§ PROBLEM
Please return all of the records verbatim, with the pictures omitted.

§ STORED DATA
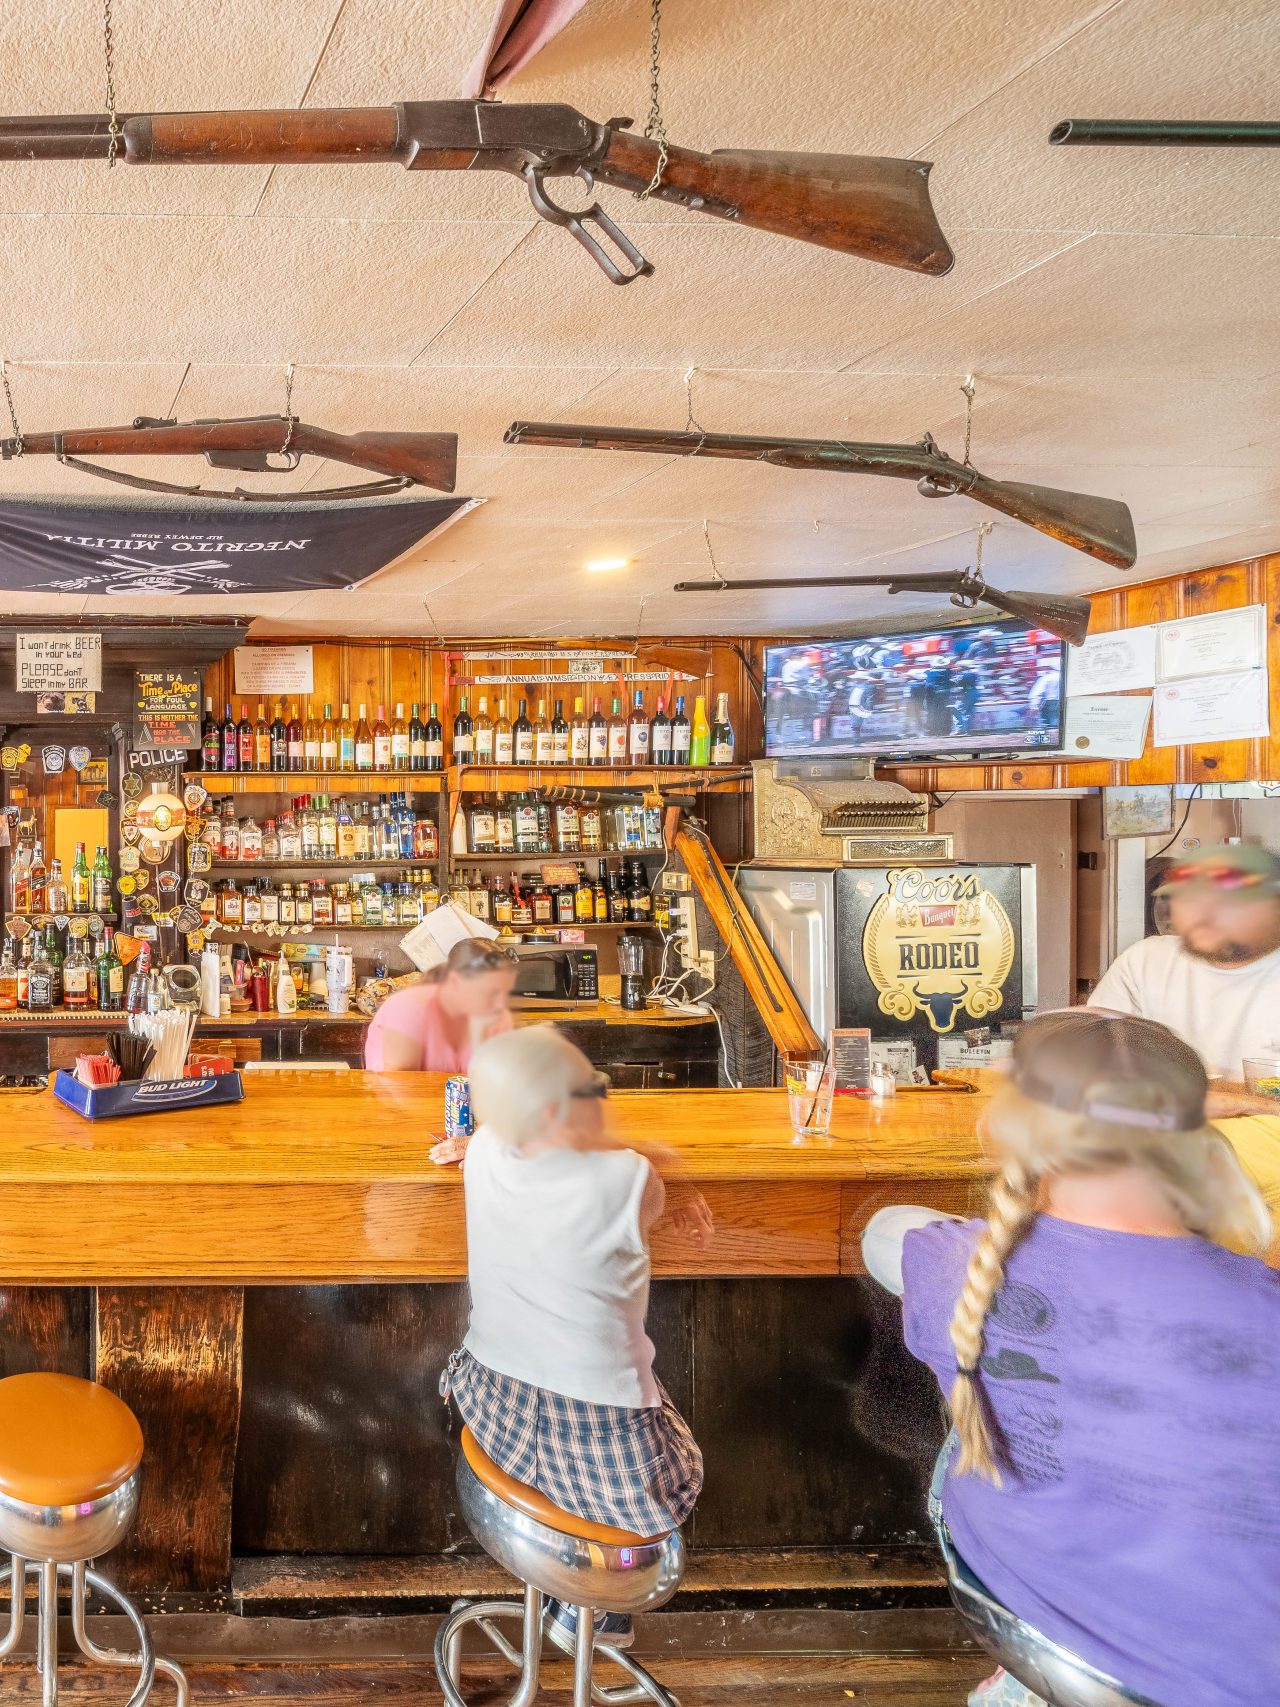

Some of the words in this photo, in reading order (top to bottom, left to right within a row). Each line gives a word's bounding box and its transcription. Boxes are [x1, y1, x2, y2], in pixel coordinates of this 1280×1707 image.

[44, 534, 165, 551] MILITIA
[171, 539, 312, 552] NEGRITO
[20, 637, 26, 650] I
[75, 637, 101, 650] BEER
[21, 662, 64, 677] PLEASE
[68, 677, 89, 689] BAR
[140, 674, 163, 682] THERE
[138, 682, 163, 696] Time
[172, 681, 198, 694] Place
[154, 736, 190, 744] PLACE
[129, 749, 186, 768] POLICE
[893, 870, 980, 903] Coors
[924, 909, 956, 926] Banquet
[899, 941, 980, 970] RODEO
[138, 1082, 167, 1095] BUD
[169, 1078, 210, 1091] LIGHT
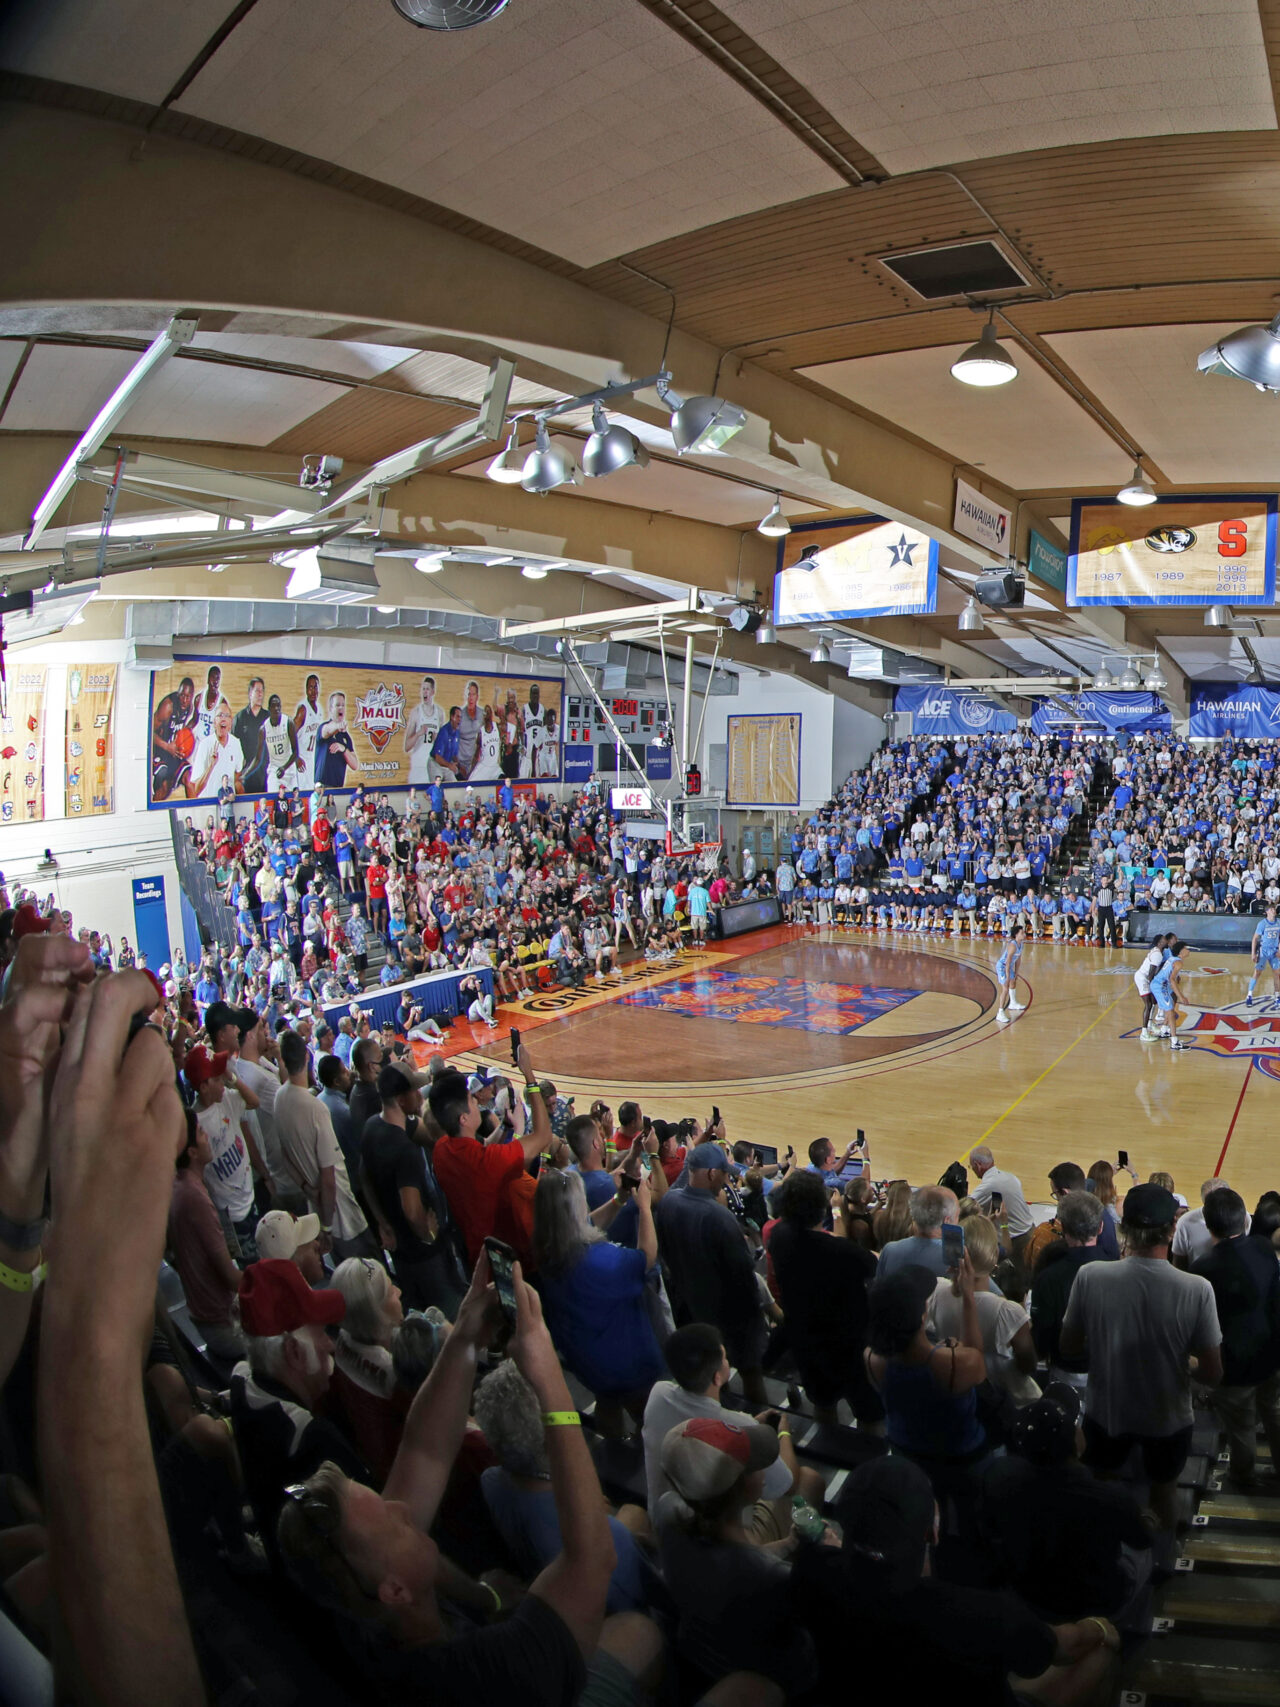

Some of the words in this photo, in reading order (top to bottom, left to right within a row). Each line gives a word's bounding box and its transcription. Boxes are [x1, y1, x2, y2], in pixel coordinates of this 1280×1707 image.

[961, 499, 997, 529] HAWAIIAN
[1218, 520, 1247, 557] S
[1217, 565, 1247, 574] 1990
[1094, 572, 1122, 581] 1987
[1155, 572, 1185, 580] 1989
[1217, 574, 1247, 583] 1998
[1215, 583, 1247, 592] 2013
[20, 675, 42, 685] 2022
[88, 675, 110, 685] 2023
[612, 699, 638, 716] 20:00
[918, 699, 952, 714] ACE
[1197, 701, 1261, 712] HAWAIIAN
[361, 706, 399, 720] MAUI
[203, 724, 211, 736] 3
[423, 731, 434, 744] 13
[273, 743, 285, 755] 12
[489, 745, 496, 757] 0
[688, 773, 700, 792] 30
[621, 793, 643, 806] ACE
[141, 882, 155, 890] Team
[1267, 931, 1278, 939] 55
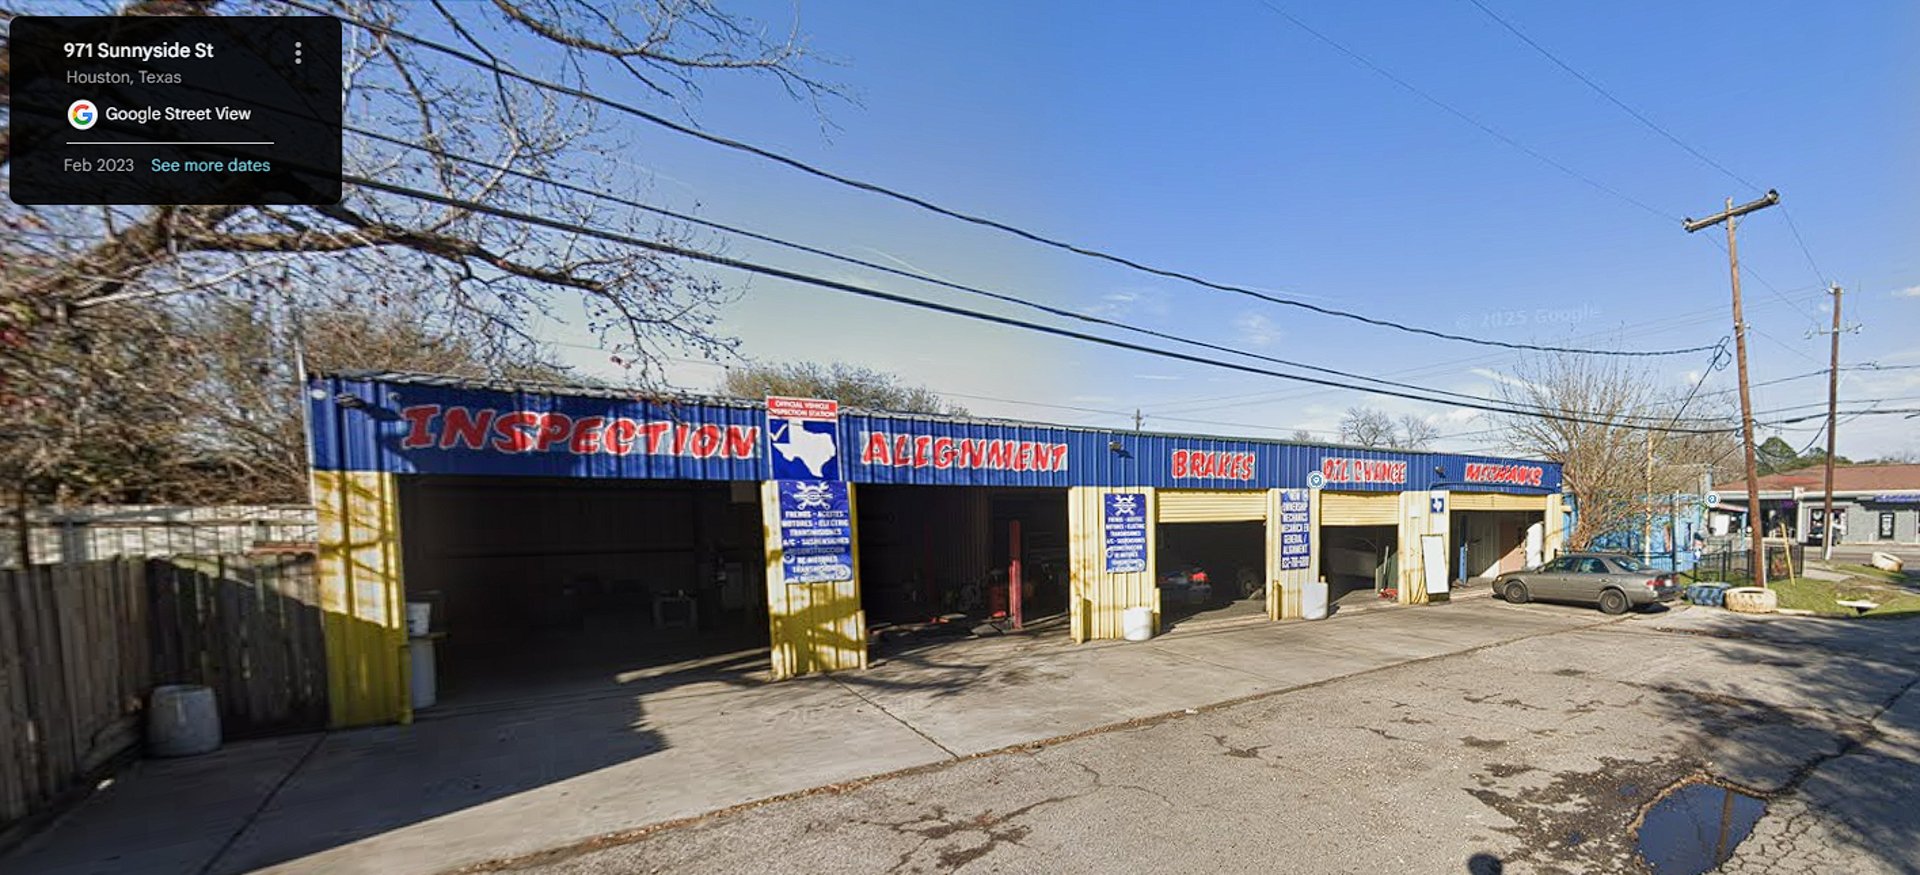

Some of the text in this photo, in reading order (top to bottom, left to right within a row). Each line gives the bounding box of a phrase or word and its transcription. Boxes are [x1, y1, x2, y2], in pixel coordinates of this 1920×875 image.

[775, 400, 829, 410] OFFICIAL VEHICLE
[401, 404, 760, 460] INSPECTION
[861, 432, 1068, 472] ALIGNMENT
[1172, 449, 1255, 481] BRAKES
[1323, 458, 1406, 484] OIL CHANGE
[1466, 463, 1543, 487] MCHANS
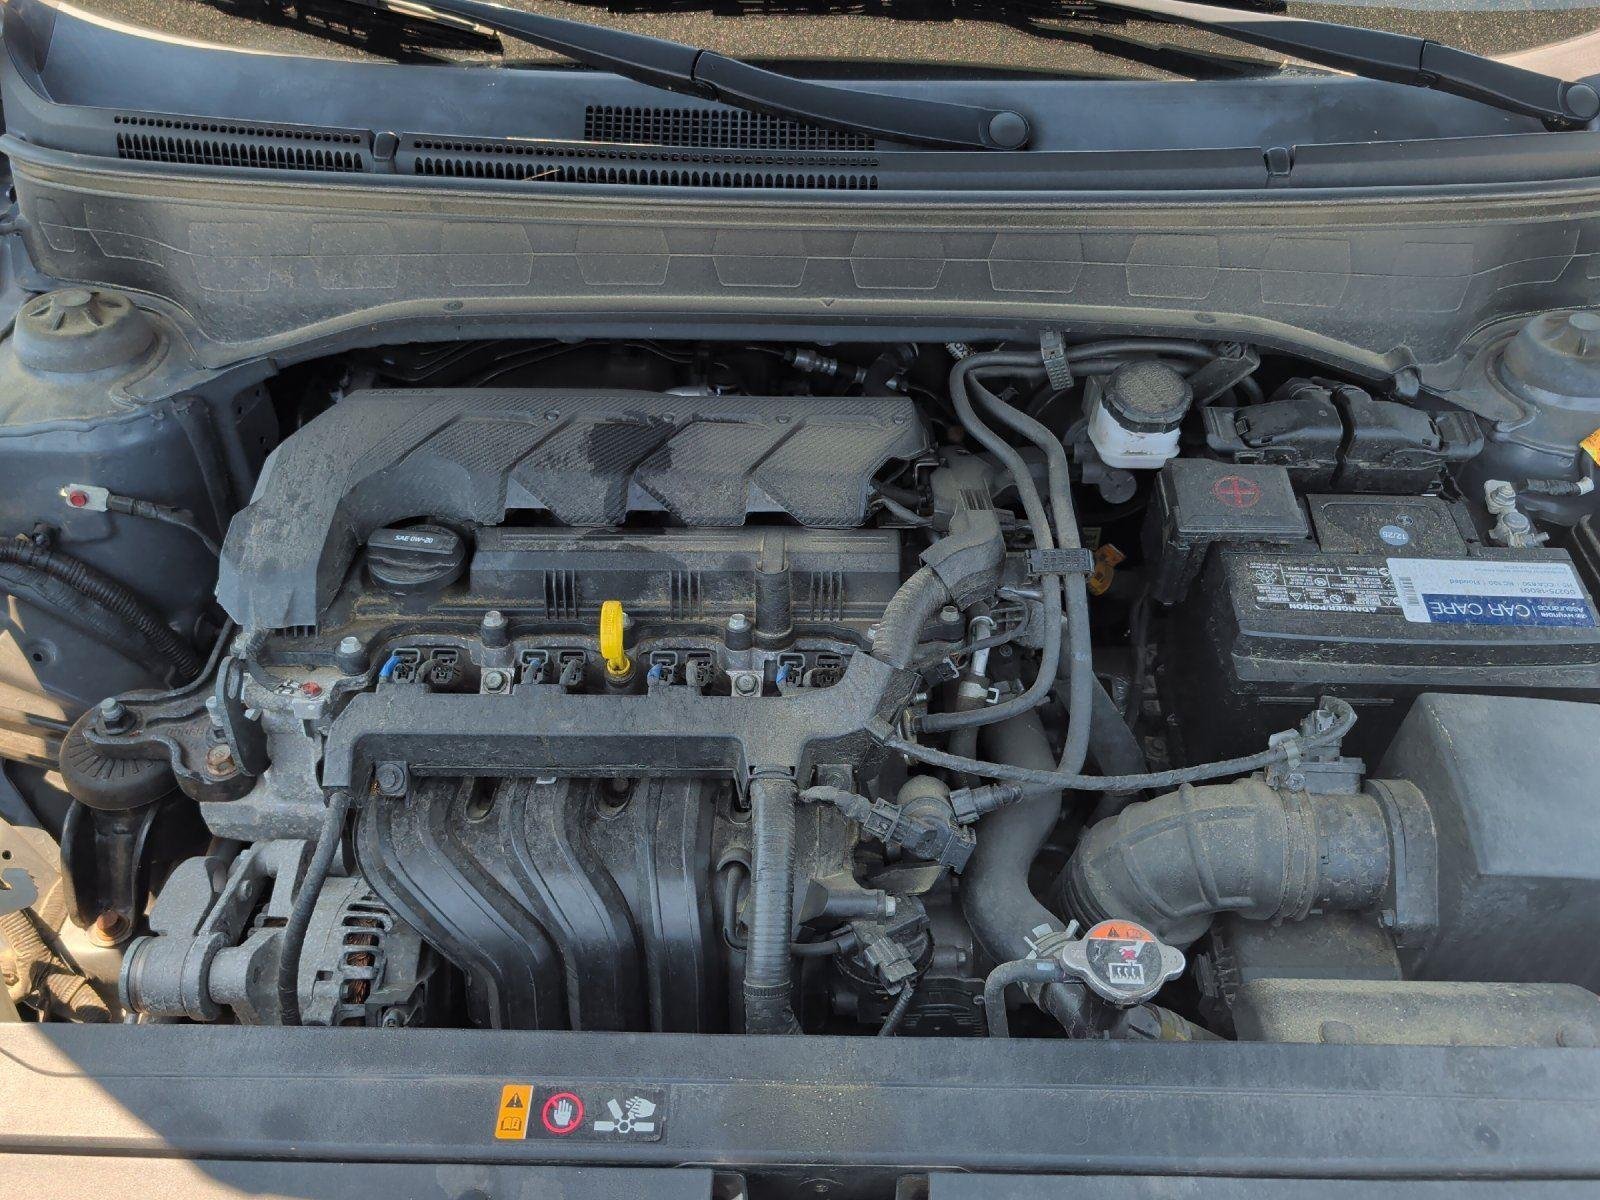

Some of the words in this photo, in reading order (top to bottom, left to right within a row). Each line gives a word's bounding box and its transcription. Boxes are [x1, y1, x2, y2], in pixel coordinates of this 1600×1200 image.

[410, 536, 434, 544] 0W-20
[1428, 601, 1483, 615] CARE
[1487, 603, 1531, 617] CAR
[1537, 604, 1584, 613] Assurance

§ PROBLEM SOLUTION
Some of the words in this photo, in reading order (top to bottom, left to right within a row). Each line gives a word's bounding box and its transcription. Boxes are [x1, y1, x2, y2], in pixel coordinates of this 1280×1707 image.

[44, 534, 165, 551] MILITIA
[171, 539, 312, 552] NEGRITO
[20, 637, 26, 650] I
[75, 637, 101, 650] BEER
[21, 662, 64, 677] PLEASE
[68, 677, 89, 689] BAR
[140, 674, 163, 682] THERE
[138, 682, 163, 696] Time
[172, 681, 198, 694] Place
[154, 736, 190, 744] PLACE
[129, 749, 186, 768] POLICE
[893, 870, 980, 903] Coors
[924, 909, 956, 926] Banquet
[899, 941, 980, 970] RODEO
[138, 1082, 167, 1095] BUD
[169, 1078, 210, 1091] LIGHT

Some of the words in this photo, in reading order (top to bottom, left to right within a row). Each line gives a word's bounding box and its transcription. Boxes are [x1, y1, x2, y2], in pixel coordinates of this 1280×1707 image.

[961, 499, 997, 529] HAWAIIAN
[1218, 520, 1247, 557] S
[1217, 565, 1247, 574] 1990
[1094, 572, 1122, 581] 1987
[1155, 572, 1185, 580] 1989
[1217, 574, 1247, 583] 1998
[1215, 583, 1247, 592] 2013
[20, 675, 42, 685] 2022
[88, 675, 110, 685] 2023
[612, 699, 638, 716] 20:00
[918, 699, 952, 714] ACE
[1197, 701, 1261, 712] HAWAIIAN
[361, 706, 399, 720] MAUI
[203, 724, 211, 736] 3
[423, 731, 434, 744] 13
[273, 743, 285, 755] 12
[489, 745, 496, 757] 0
[688, 773, 700, 792] 30
[621, 793, 643, 806] ACE
[141, 882, 155, 890] Team
[1267, 931, 1278, 939] 55

Some of the text in this photo, in reading order (top to bottom, left to right within a row). Each line gives the bounding box of a phrase or word and its transcription. Boxes are [x1, y1, x2, y2], in pixel coordinates of this 1920×875 image.

[775, 400, 829, 410] OFFICIAL VEHICLE
[401, 404, 760, 460] INSPECTION
[861, 432, 1068, 472] ALIGNMENT
[1172, 449, 1255, 481] BRAKES
[1323, 458, 1406, 484] OIL CHANGE
[1466, 463, 1543, 487] MCHANS

Some of the words in this photo, in reading order (top to bottom, left to right within a row). Each line gives a word's bounding box and its transcription. Boxes are [x1, y1, x2, y2], in pixel coordinates of this 1600×1200 image.

[410, 536, 434, 544] 0W-20
[1428, 601, 1483, 615] CARE
[1487, 603, 1531, 617] CAR
[1537, 604, 1584, 613] Assurance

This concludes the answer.